--- What is being asked ---
Pictures do not belong in the copy. Write out exactly the lines from the one containing "this 2212×1659 image." through the end of the data.

[Images for object localization]
>>>

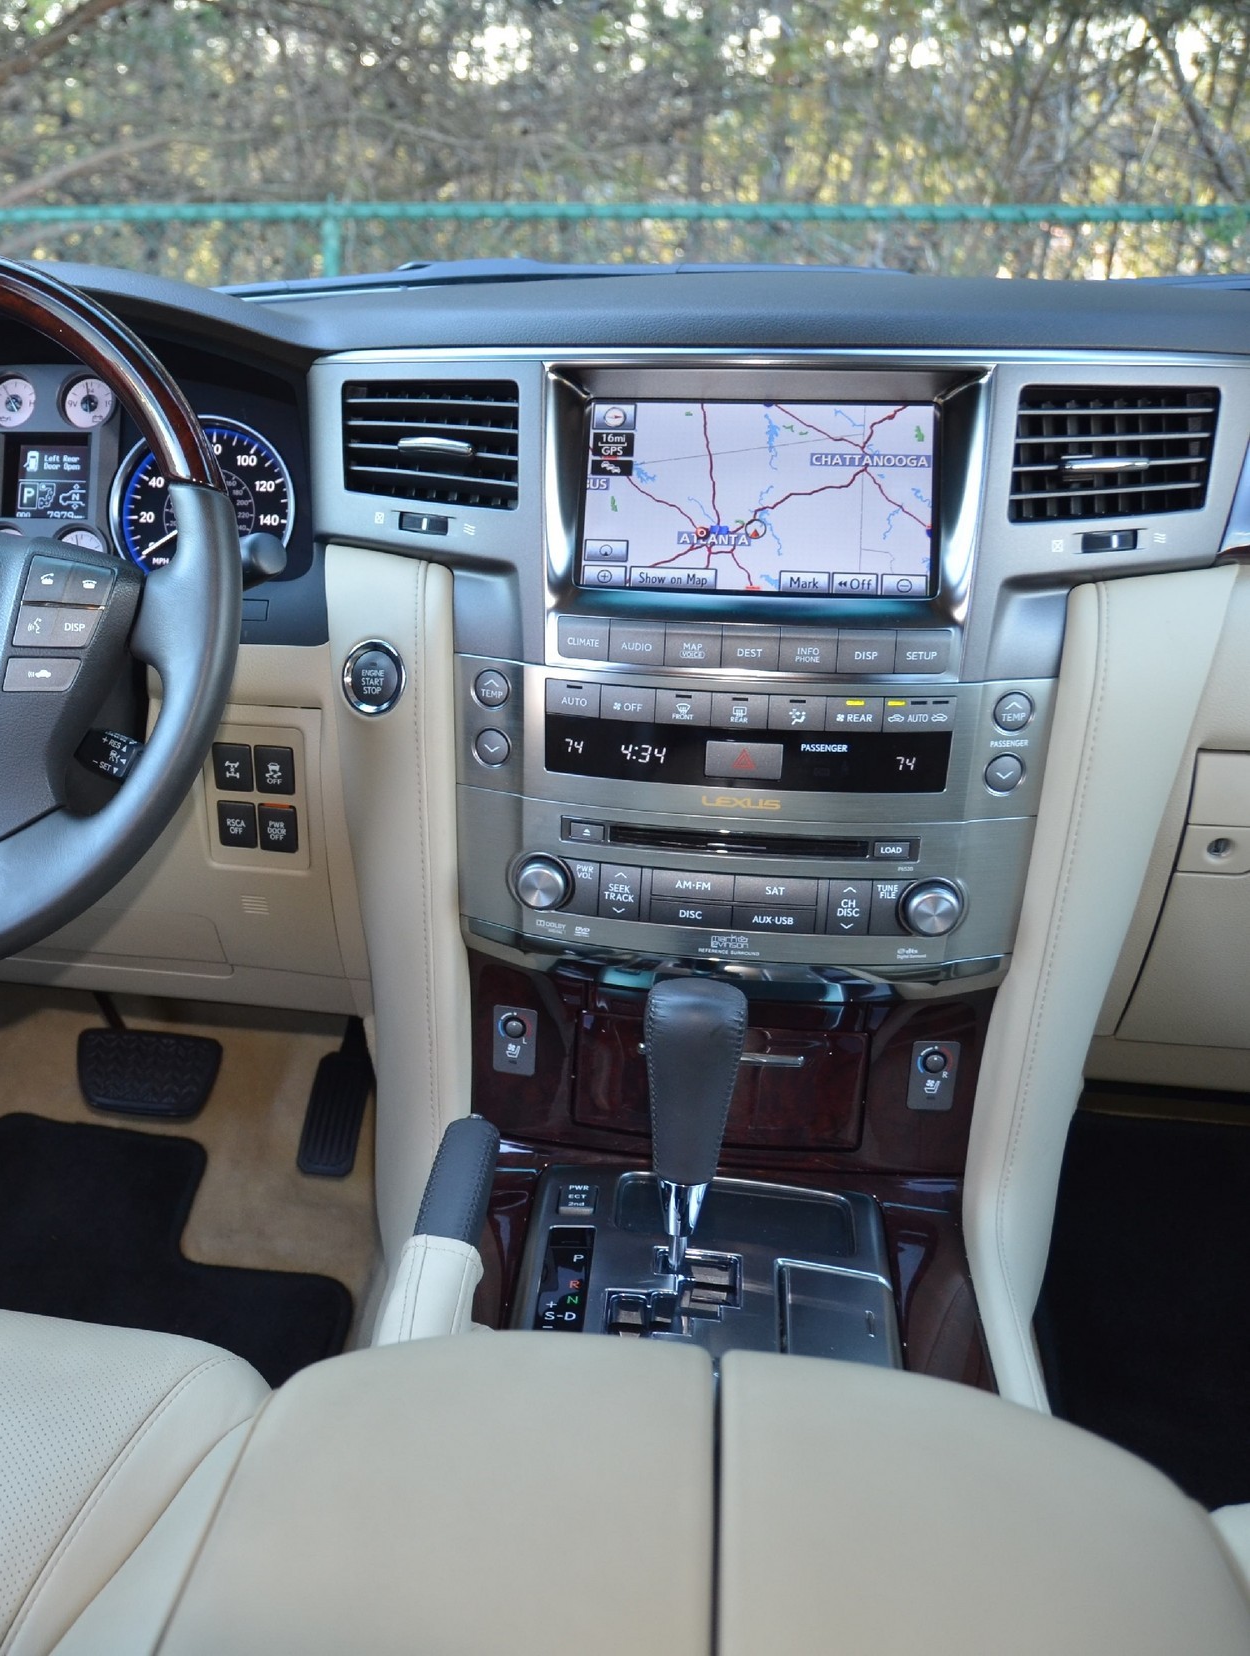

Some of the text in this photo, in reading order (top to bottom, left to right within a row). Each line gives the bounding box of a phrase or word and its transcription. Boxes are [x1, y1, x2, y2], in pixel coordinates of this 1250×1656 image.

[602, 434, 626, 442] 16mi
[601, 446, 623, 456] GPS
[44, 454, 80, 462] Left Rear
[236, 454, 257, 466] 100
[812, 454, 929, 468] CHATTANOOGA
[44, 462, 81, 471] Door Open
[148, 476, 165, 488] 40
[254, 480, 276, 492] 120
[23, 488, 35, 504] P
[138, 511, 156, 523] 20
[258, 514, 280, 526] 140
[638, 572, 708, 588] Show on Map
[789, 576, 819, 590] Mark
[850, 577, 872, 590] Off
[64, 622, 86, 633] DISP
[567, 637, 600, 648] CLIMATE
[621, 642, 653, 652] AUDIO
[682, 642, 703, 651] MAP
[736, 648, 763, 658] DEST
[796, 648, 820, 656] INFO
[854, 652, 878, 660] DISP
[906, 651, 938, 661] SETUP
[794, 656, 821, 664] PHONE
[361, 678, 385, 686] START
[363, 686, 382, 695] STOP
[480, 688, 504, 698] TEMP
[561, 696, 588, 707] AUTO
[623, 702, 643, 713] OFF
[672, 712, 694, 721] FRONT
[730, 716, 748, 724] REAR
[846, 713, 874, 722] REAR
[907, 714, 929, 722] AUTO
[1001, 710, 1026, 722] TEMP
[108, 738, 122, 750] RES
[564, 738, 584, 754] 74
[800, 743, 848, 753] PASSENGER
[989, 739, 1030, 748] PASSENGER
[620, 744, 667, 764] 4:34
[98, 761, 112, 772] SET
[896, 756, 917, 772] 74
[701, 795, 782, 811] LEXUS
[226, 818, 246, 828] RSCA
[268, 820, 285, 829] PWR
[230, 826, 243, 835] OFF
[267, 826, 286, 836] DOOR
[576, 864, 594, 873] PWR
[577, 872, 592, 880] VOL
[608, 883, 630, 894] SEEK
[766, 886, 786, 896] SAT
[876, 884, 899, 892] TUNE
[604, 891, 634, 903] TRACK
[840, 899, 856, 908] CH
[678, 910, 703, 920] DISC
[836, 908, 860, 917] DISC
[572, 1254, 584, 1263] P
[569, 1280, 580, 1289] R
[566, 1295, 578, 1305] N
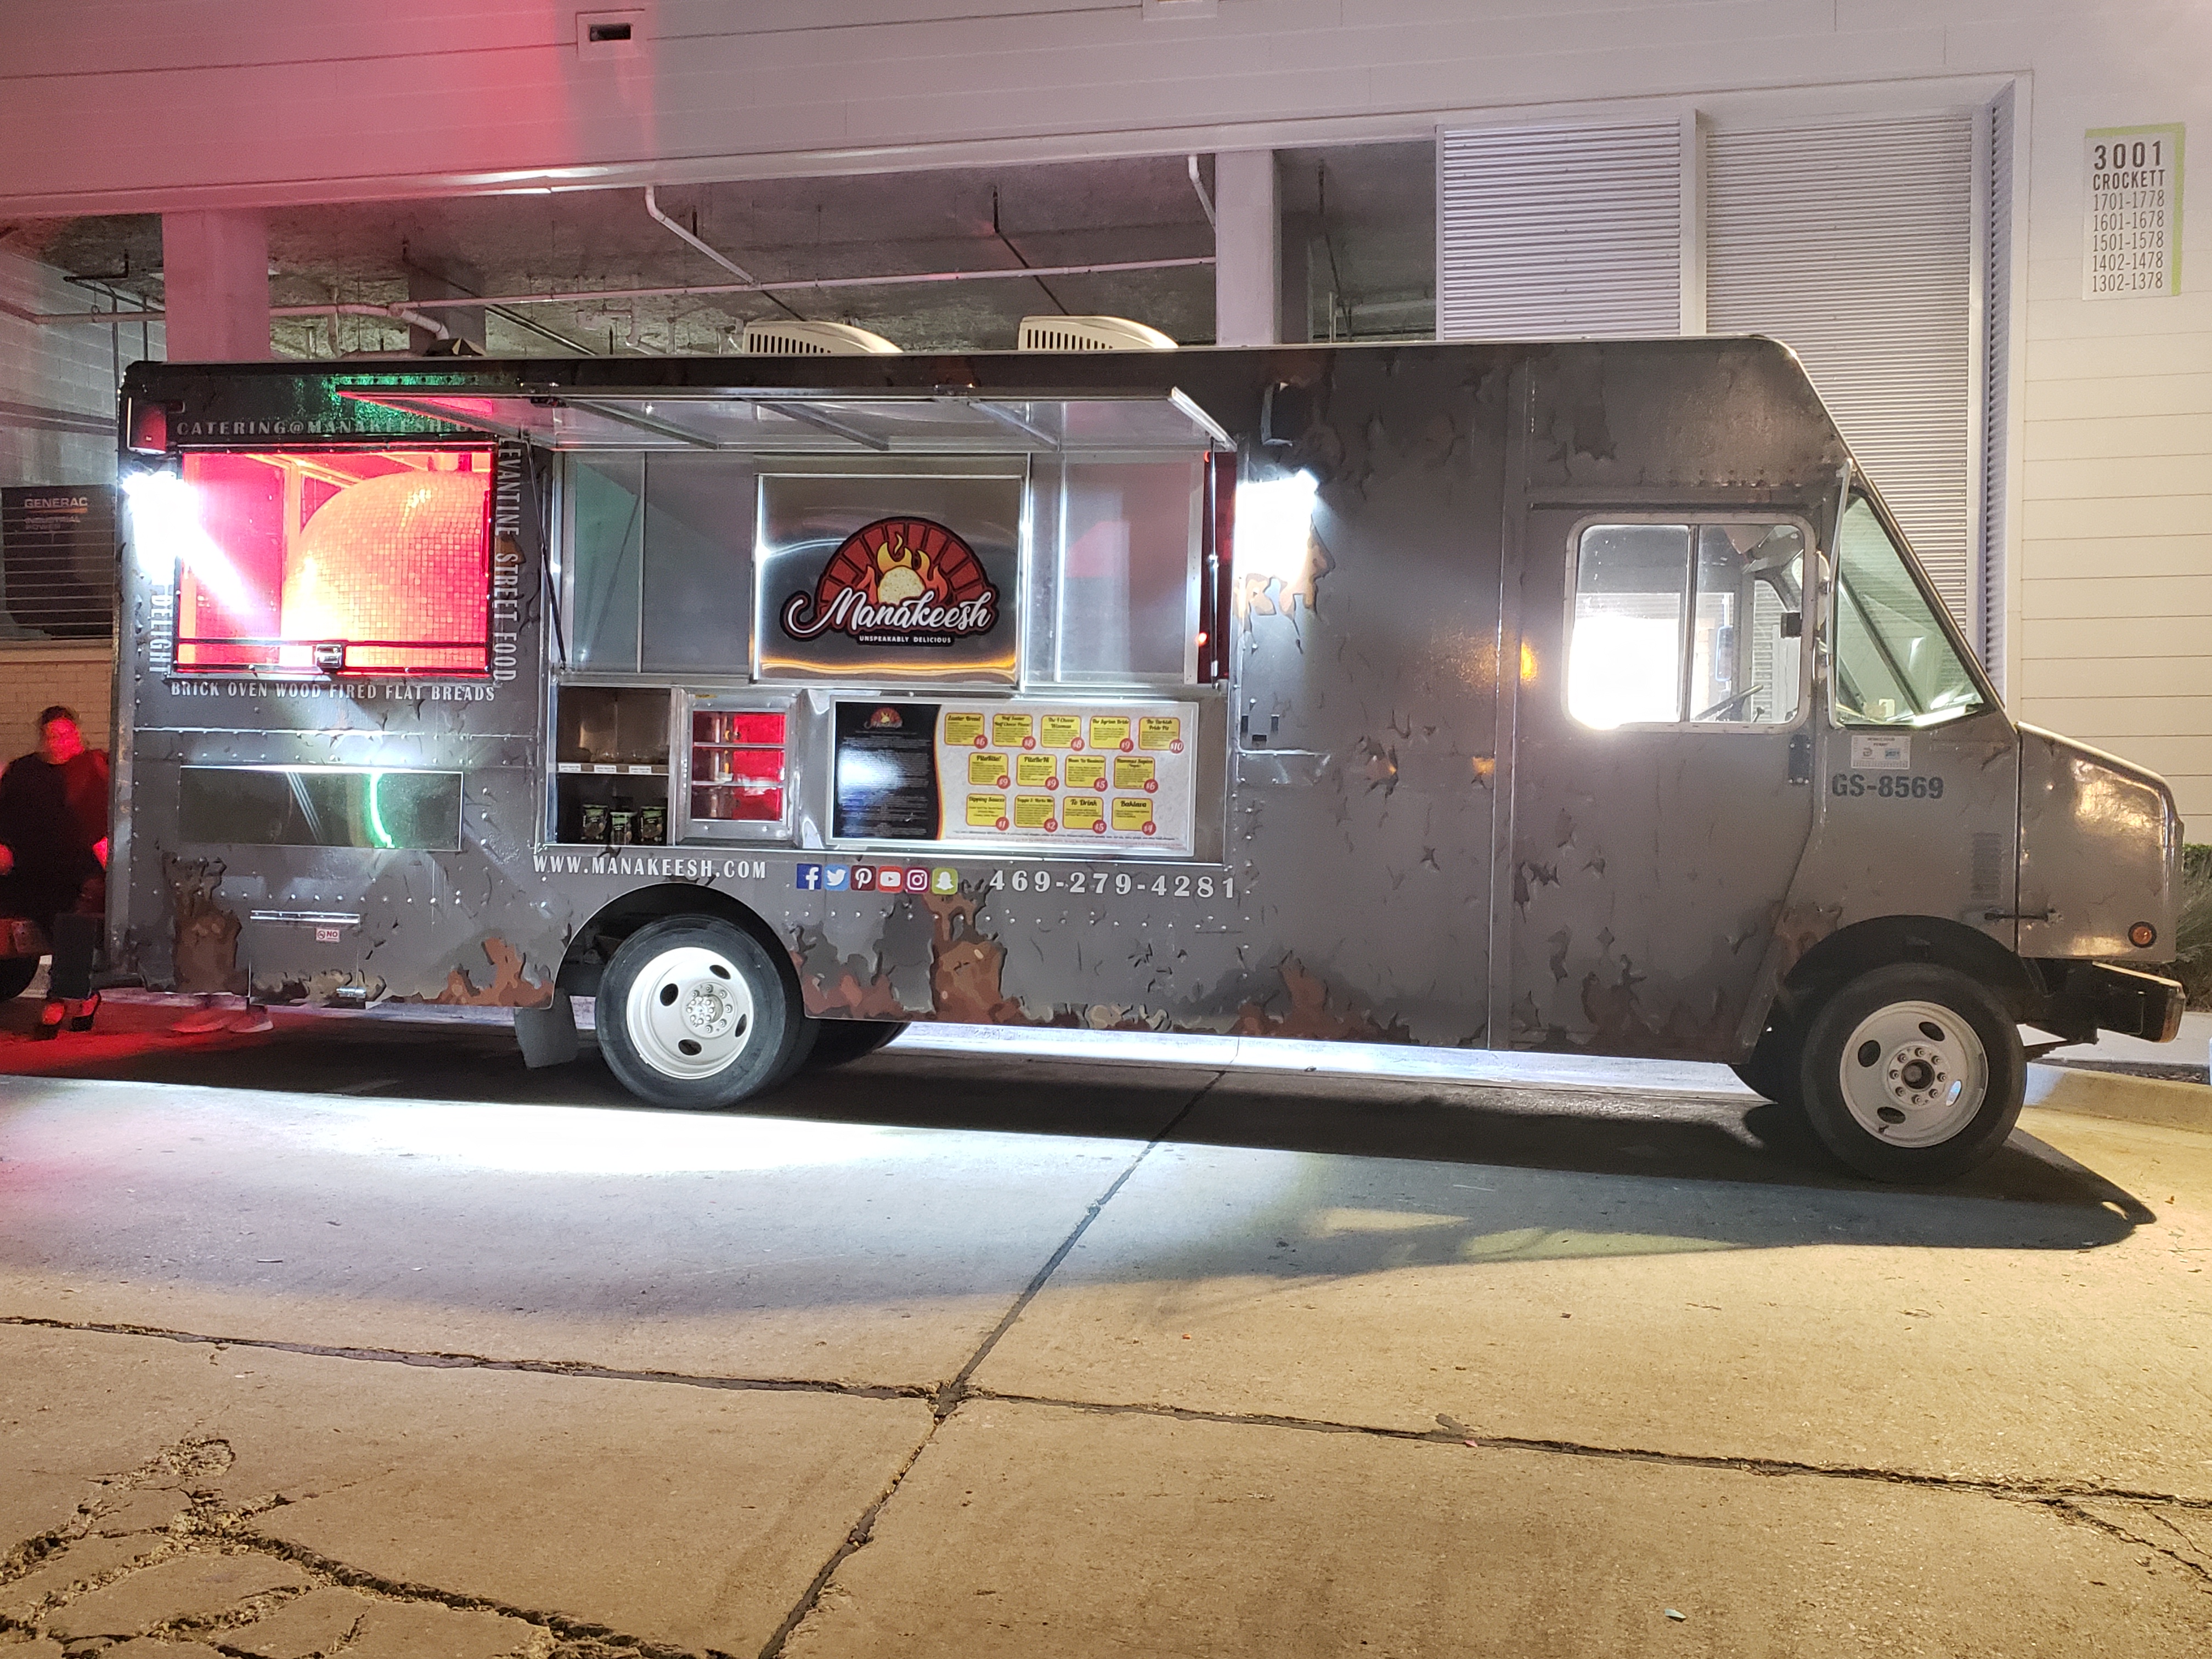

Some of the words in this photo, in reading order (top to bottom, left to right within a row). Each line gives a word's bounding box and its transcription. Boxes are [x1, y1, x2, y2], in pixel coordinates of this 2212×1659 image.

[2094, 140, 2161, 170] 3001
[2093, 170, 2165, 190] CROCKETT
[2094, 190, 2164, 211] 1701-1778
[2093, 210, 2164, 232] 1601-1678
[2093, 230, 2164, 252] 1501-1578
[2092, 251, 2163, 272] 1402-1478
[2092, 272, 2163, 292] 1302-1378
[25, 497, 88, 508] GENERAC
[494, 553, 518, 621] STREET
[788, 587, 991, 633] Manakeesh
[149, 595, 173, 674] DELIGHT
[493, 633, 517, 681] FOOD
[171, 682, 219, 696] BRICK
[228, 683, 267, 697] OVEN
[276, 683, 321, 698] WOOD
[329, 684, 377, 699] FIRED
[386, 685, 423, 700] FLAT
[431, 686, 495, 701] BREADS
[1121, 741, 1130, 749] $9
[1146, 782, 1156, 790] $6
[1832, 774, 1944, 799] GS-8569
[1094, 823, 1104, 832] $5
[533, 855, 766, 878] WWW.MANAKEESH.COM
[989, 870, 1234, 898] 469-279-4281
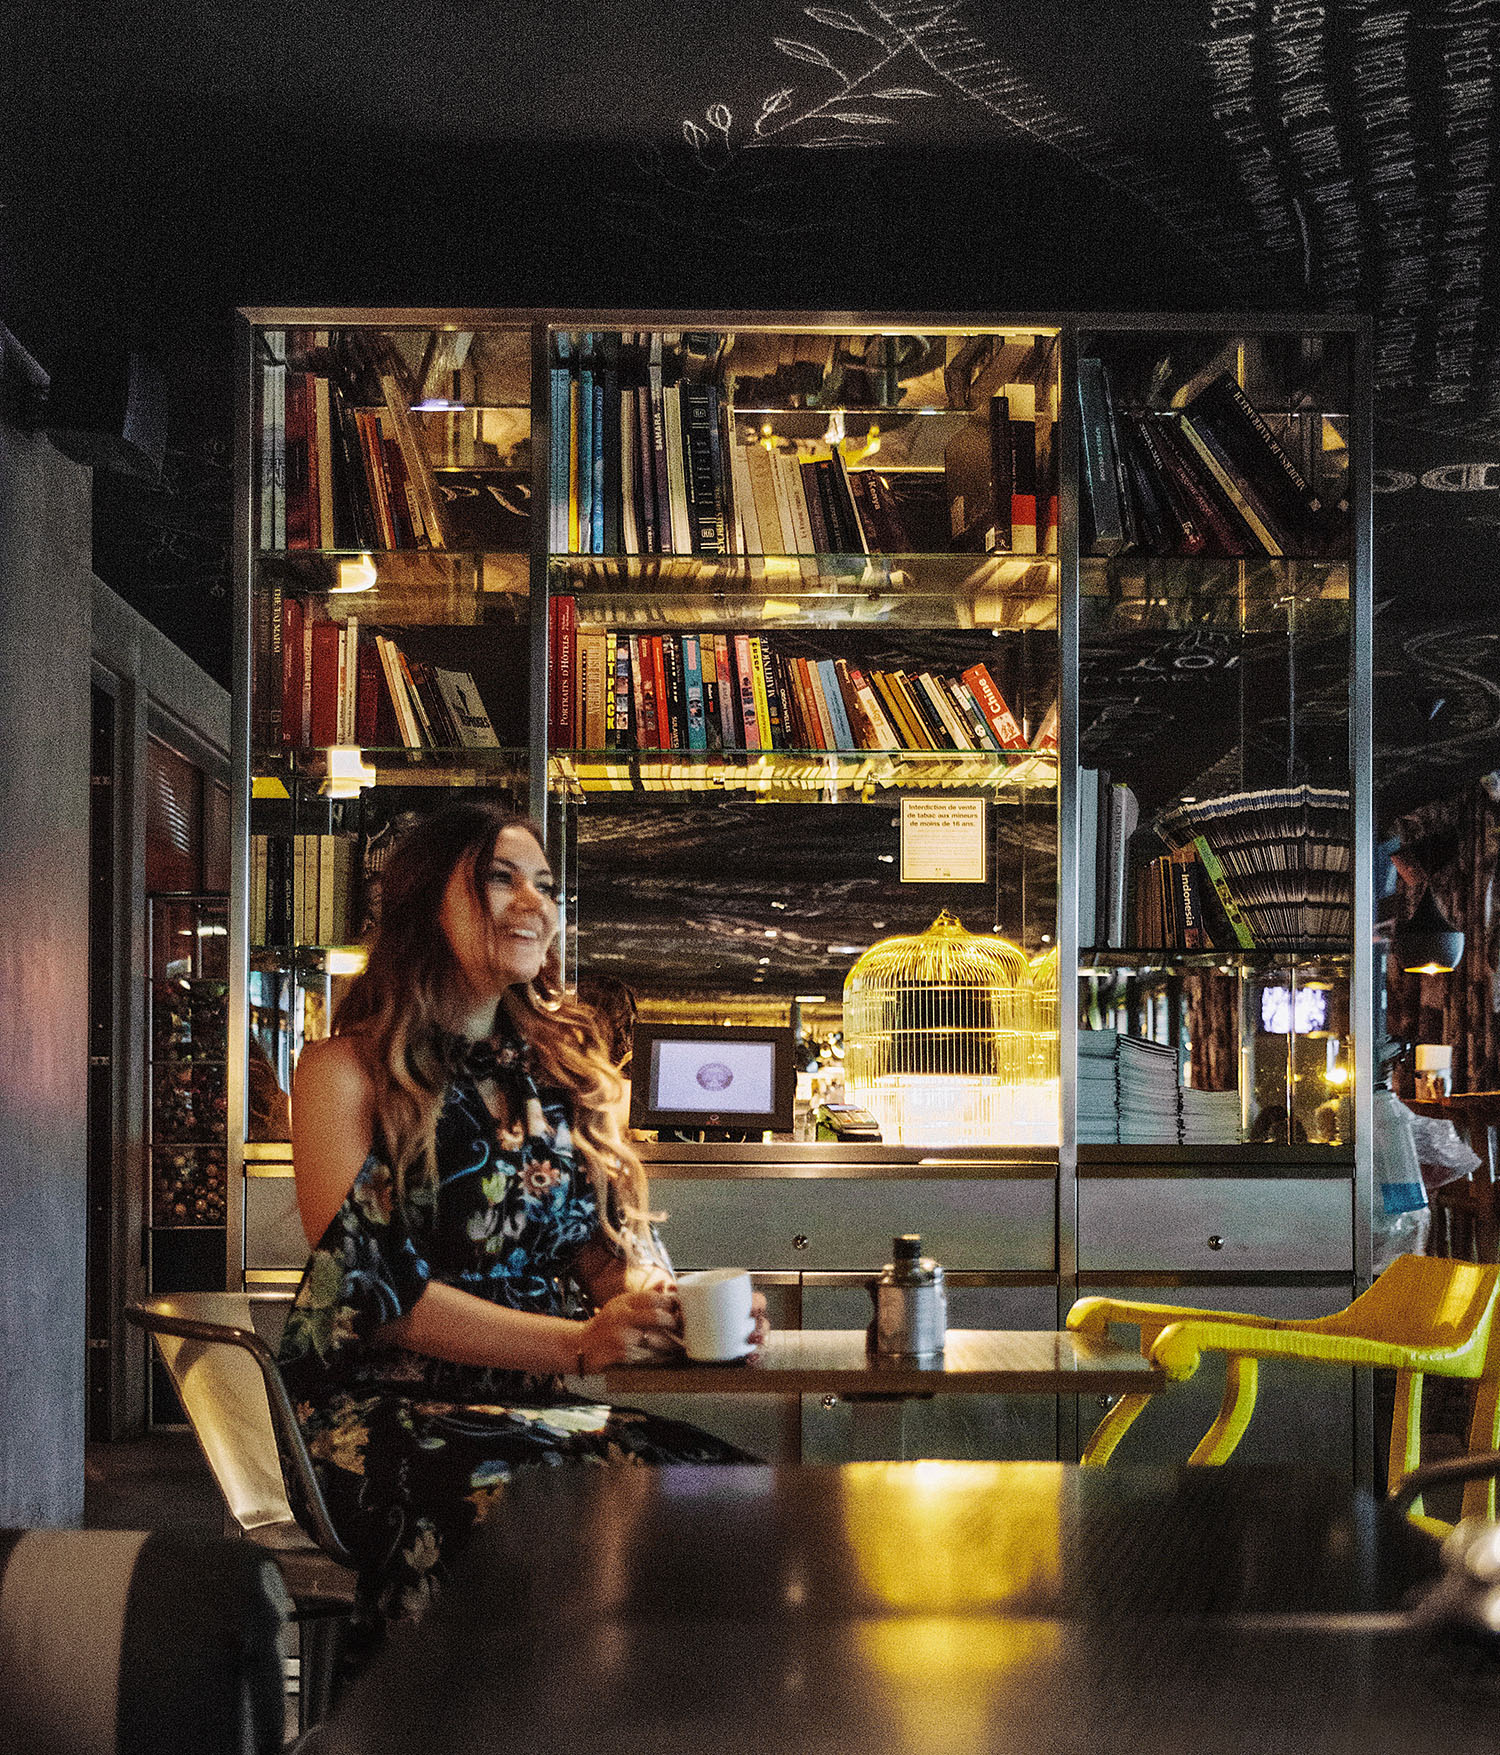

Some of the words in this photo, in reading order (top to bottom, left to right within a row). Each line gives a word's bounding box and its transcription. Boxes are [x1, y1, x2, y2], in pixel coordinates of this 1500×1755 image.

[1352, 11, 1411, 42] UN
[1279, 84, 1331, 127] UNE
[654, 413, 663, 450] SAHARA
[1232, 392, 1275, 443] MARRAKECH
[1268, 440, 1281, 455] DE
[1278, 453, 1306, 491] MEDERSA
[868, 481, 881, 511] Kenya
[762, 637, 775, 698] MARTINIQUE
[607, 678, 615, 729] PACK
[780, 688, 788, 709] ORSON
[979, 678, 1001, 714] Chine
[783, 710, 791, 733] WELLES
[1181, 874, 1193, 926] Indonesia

<<<

--- Solved problem ---
Some of the words in this photo, in reading order (top to bottom, left to right within a row). Each line gives a word's bounding box and its transcription. Boxes are [x1, y1, x2, y2], in pixel coordinates of this 2212×1659 image.

[2094, 140, 2161, 170] 3001
[2093, 170, 2165, 190] CROCKETT
[2094, 190, 2164, 211] 1701-1778
[2093, 210, 2164, 232] 1601-1678
[2093, 230, 2164, 252] 1501-1578
[2092, 251, 2163, 272] 1402-1478
[2092, 272, 2163, 292] 1302-1378
[25, 497, 88, 508] GENERAC
[494, 553, 518, 621] STREET
[788, 587, 991, 633] Manakeesh
[149, 595, 173, 674] DELIGHT
[493, 633, 517, 681] FOOD
[171, 682, 219, 696] BRICK
[228, 683, 267, 697] OVEN
[276, 683, 321, 698] WOOD
[329, 684, 377, 699] FIRED
[386, 685, 423, 700] FLAT
[431, 686, 495, 701] BREADS
[1121, 741, 1130, 749] $9
[1146, 782, 1156, 790] $6
[1832, 774, 1944, 799] GS-8569
[1094, 823, 1104, 832] $5
[533, 855, 766, 878] WWW.MANAKEESH.COM
[989, 870, 1234, 898] 469-279-4281

Some of the words in this photo, in reading order (top to bottom, left to right within a row). Each line gives a word's bounding box and its transcription. Boxes are [x1, y1, x2, y2], in pixel coordinates of this 1500×1755 image.

[1352, 11, 1411, 42] UN
[1279, 84, 1331, 127] UNE
[654, 413, 663, 450] SAHARA
[1232, 392, 1275, 443] MARRAKECH
[1268, 440, 1281, 455] DE
[1278, 453, 1306, 491] MEDERSA
[868, 481, 881, 511] Kenya
[762, 637, 775, 698] MARTINIQUE
[607, 678, 615, 729] PACK
[780, 688, 788, 709] ORSON
[979, 678, 1001, 714] Chine
[783, 710, 791, 733] WELLES
[1181, 874, 1193, 926] Indonesia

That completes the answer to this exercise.